Every record below is to be retyped exactly, with the pictures left out.

________________________________________

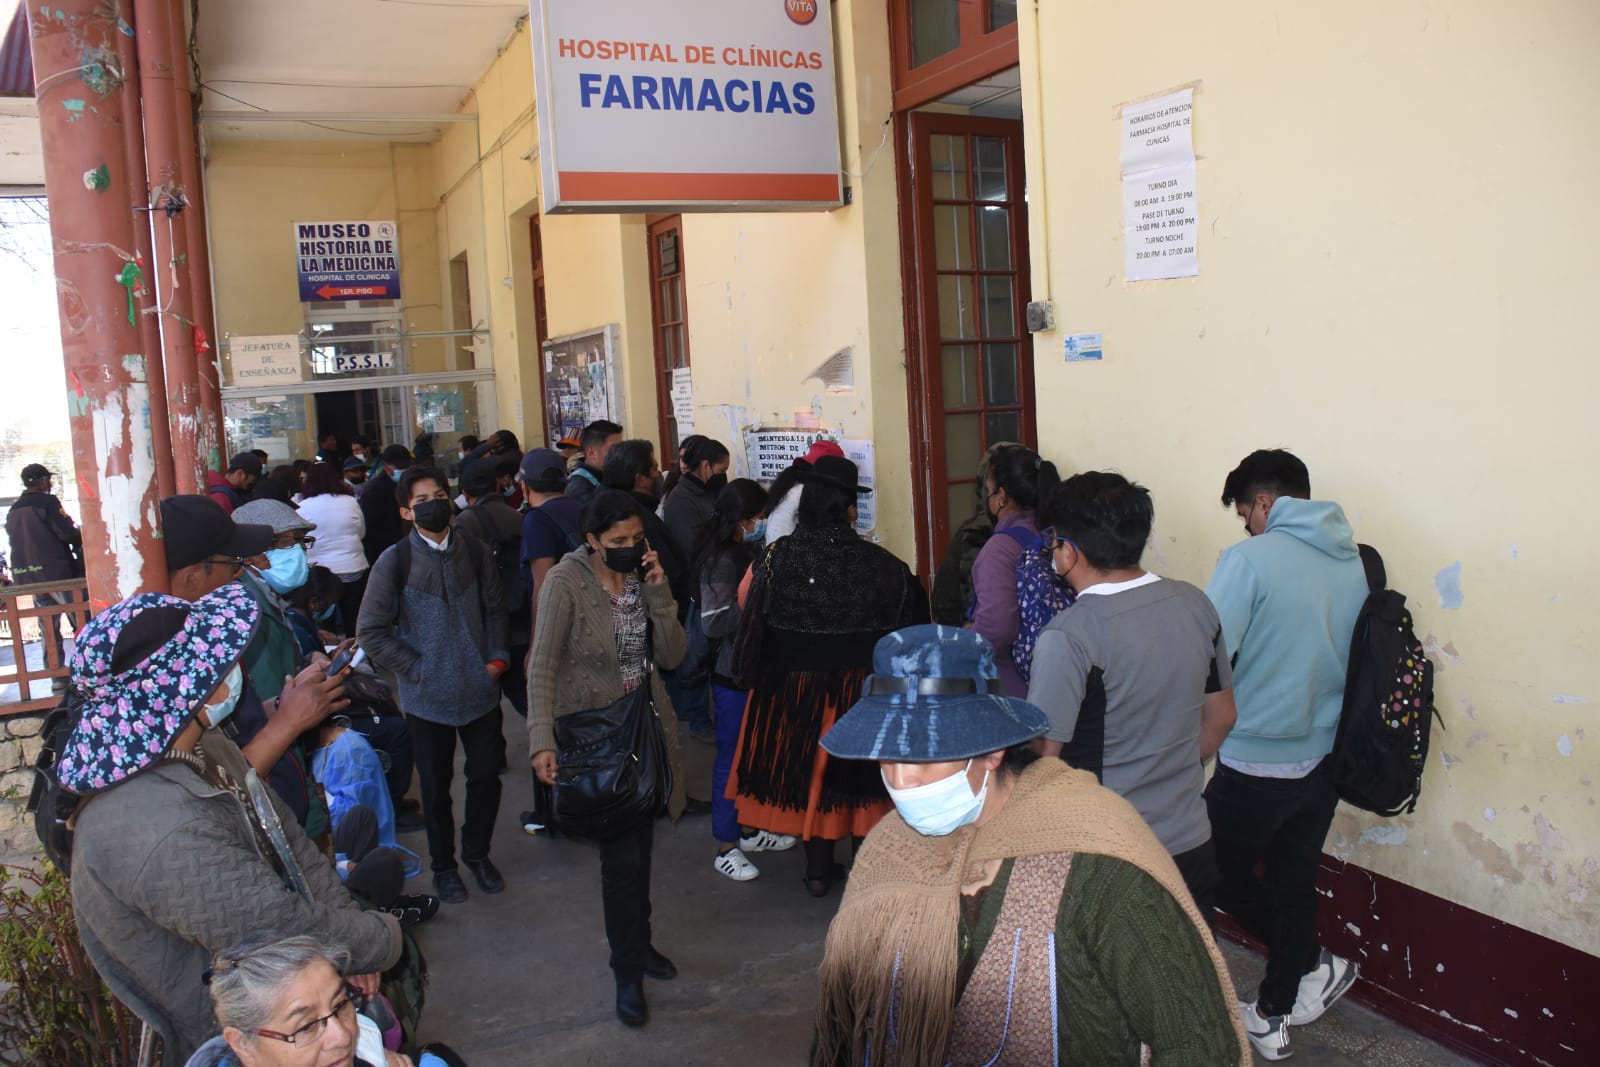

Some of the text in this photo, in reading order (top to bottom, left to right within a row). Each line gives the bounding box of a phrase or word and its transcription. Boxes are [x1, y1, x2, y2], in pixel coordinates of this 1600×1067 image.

[790, 1, 814, 12] VITA
[559, 38, 822, 70] HOSPITAL DE CLÍNICAS
[579, 73, 815, 115] FARMACIAS
[1130, 113, 1156, 125] HORARIOS
[1165, 103, 1192, 116] ATENCION
[1130, 126, 1156, 138] FARMACIA
[1157, 120, 1182, 131] HOSPITAL
[1146, 136, 1169, 146] CLINICAS
[1148, 182, 1166, 191] TURNO
[1168, 193, 1182, 201] 19:00
[1165, 207, 1184, 216] TURNO
[298, 224, 370, 238] MUSEO
[1165, 233, 1184, 241] NOCHE
[299, 240, 392, 255] HISTORIA DE
[301, 257, 396, 272] LA MEDICINA
[242, 342, 291, 352] JEFATURA
[336, 355, 389, 370] P.S.S.I.
[240, 366, 297, 378] ENSEÑANZA
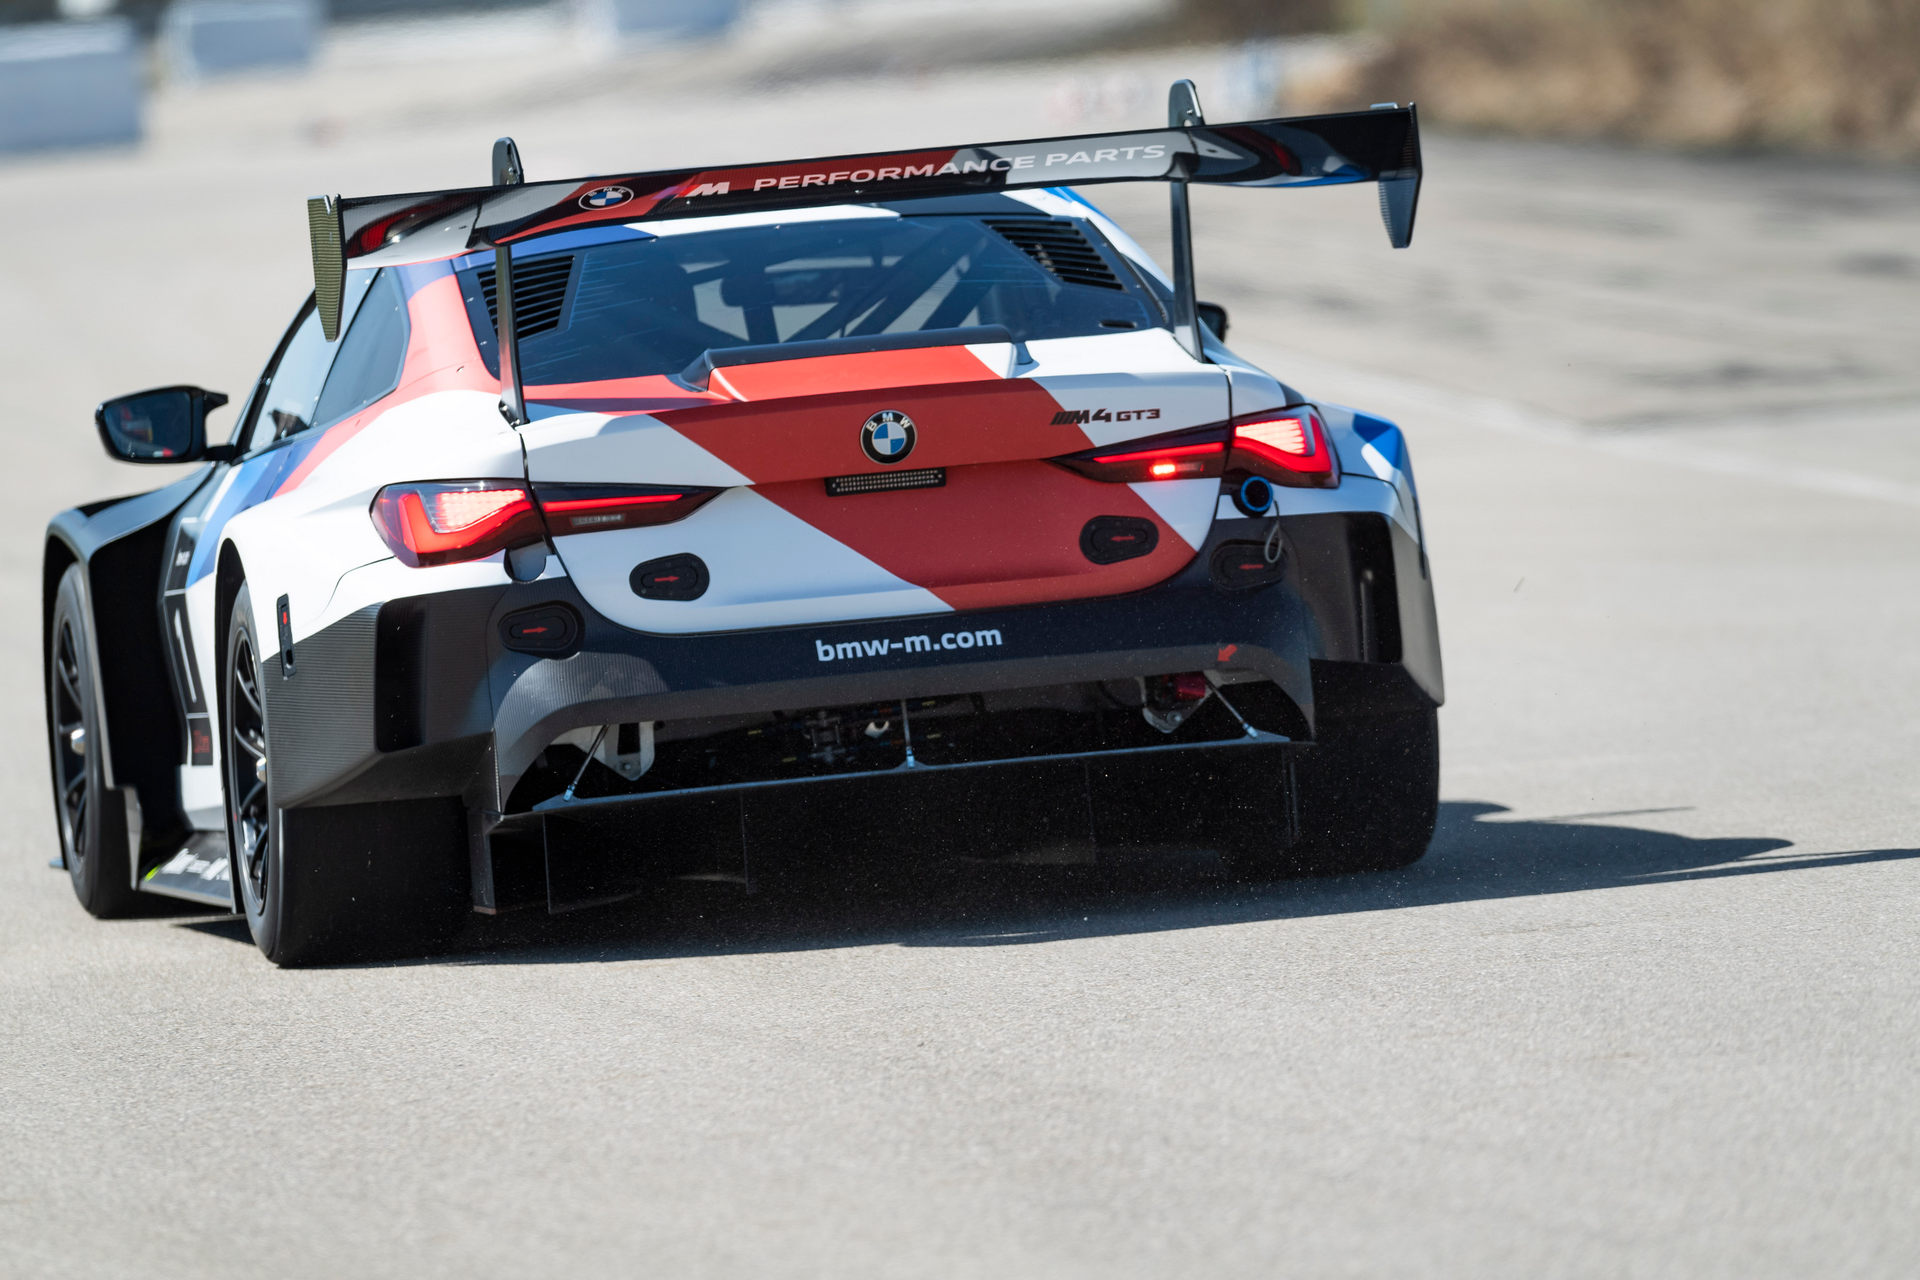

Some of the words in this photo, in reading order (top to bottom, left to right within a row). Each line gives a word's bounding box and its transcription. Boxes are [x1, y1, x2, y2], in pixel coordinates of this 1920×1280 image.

[684, 181, 730, 198] M
[753, 157, 1034, 192] PERFORMANCE
[1045, 144, 1166, 167] PARTS
[866, 412, 911, 431] BMW
[1116, 408, 1160, 422] GT3
[815, 628, 1003, 662] bmw-m.com

________________________________________

REPLY TO THE EXERCISE:
Some of the text in this photo, in reading order (top to bottom, left to right within a row). Each line gives the bounding box of a phrase or word and its transcription. Boxes are [x1, y1, x2, y2], in pixel coordinates of this 1600×1067 image.

[790, 1, 814, 12] VITA
[559, 38, 822, 70] HOSPITAL DE CLÍNICAS
[579, 73, 815, 115] FARMACIAS
[1130, 113, 1156, 125] HORARIOS
[1165, 103, 1192, 116] ATENCION
[1130, 126, 1156, 138] FARMACIA
[1157, 120, 1182, 131] HOSPITAL
[1146, 136, 1169, 146] CLINICAS
[1148, 182, 1166, 191] TURNO
[1168, 193, 1182, 201] 19:00
[1165, 207, 1184, 216] TURNO
[298, 224, 370, 238] MUSEO
[1165, 233, 1184, 241] NOCHE
[299, 240, 392, 255] HISTORIA DE
[301, 257, 396, 272] LA MEDICINA
[242, 342, 291, 352] JEFATURA
[336, 355, 389, 370] P.S.S.I.
[240, 366, 297, 378] ENSEÑANZA

Some of the words in this photo, in reading order (top to bottom, left to right within a row). Each line gives a word's bounding box and its transcription. Boxes are [x1, y1, x2, y2], in pixel coordinates of this 1920×1280 image.

[684, 181, 730, 198] M
[753, 157, 1034, 192] PERFORMANCE
[1045, 144, 1166, 167] PARTS
[866, 412, 911, 431] BMW
[1116, 408, 1160, 422] GT3
[815, 628, 1003, 662] bmw-m.com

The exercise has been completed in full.